What would you say to facilities looking to create a similar patient education program?
It's really important that any institution that plans on creating a program like this is to involve nursing from day 1. That's my take-home message to everybody – it's to get involved with the patients, teach them about the CAR T side effects, the neurotoxicities, and understand that your patients are going to be scared. Some are going to look at you and say, "I didn't realize."
Nursing is crucial because patients have medications that they have to stop because they have to have procedures that are invasive. The clinical trial coordinator does not have the knowledge to teach them that and to teach them the side effects or potential risks of not stopping those medications. Nursing is absolutely vital to this process, so any institution that plans to initiate such a program should definitely have nursing on board from day 1.

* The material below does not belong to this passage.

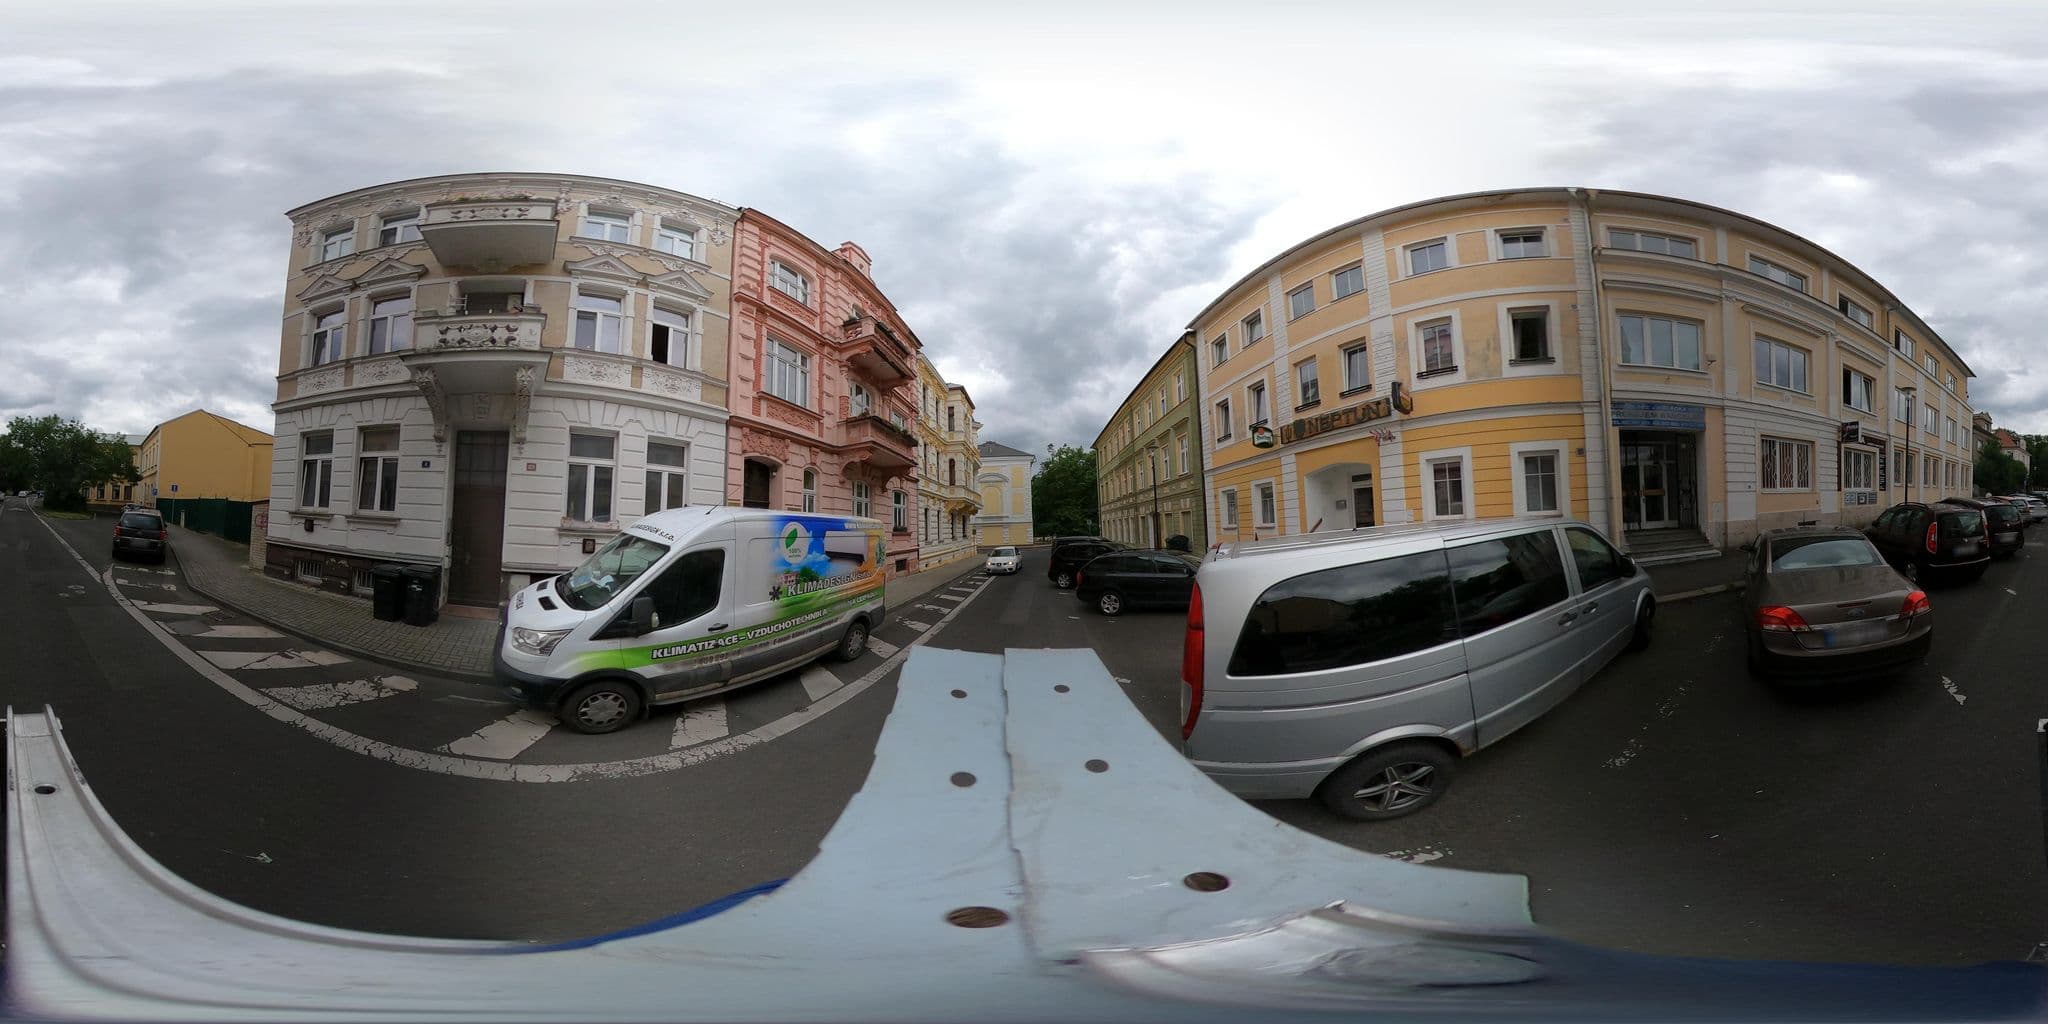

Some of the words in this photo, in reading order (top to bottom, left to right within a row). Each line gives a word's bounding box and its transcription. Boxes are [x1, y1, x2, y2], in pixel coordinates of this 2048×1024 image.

What are some of the most important things for a BMT nurse to keep in mind?
Everybody's trial, everybody's journey, is different. Their backgrounds are different. The patients do rely a lot on nursing for knowledge. When we do consults with the patient initially, there's a joke amongst the nurses that we go in after the physician goes in and rattles off the statistics of survival rates and so on and so forth, the nurse comes in and says, "Okay, so now I'm going to speak English." And the patients laugh, and they appreciate that because we're just going to break it down: This is what you're going to go through. I'm going to be your primary contact.

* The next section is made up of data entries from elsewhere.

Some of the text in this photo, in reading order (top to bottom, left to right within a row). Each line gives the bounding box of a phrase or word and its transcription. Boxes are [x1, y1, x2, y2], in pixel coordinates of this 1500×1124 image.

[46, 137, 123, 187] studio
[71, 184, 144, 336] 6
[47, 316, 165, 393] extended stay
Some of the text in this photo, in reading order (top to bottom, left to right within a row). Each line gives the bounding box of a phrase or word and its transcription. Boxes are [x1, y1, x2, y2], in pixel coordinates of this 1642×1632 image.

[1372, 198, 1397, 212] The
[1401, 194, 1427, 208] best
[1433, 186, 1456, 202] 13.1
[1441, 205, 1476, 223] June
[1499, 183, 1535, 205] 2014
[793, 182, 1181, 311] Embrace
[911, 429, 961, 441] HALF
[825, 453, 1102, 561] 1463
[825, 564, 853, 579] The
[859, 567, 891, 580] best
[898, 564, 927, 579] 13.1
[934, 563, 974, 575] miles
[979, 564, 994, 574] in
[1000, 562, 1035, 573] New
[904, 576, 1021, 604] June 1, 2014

Nurses are trained to be constantly assessing. We're assessing whether the patients have absorbed the information, if they seem overwhelmed, if they are in denial, if they are in noncompliance. Very often we have subtle ways of finding out the type of behavior that could be detrimental to their course of therapy, address it, and still establish great relationships. Patients rely on us and tell us the truth, though sometimes we have to dig for it. Nurses build lasting relationships that affect our professional and your personal lives, drawing strength and inspiration from how our patients get through their illnesses.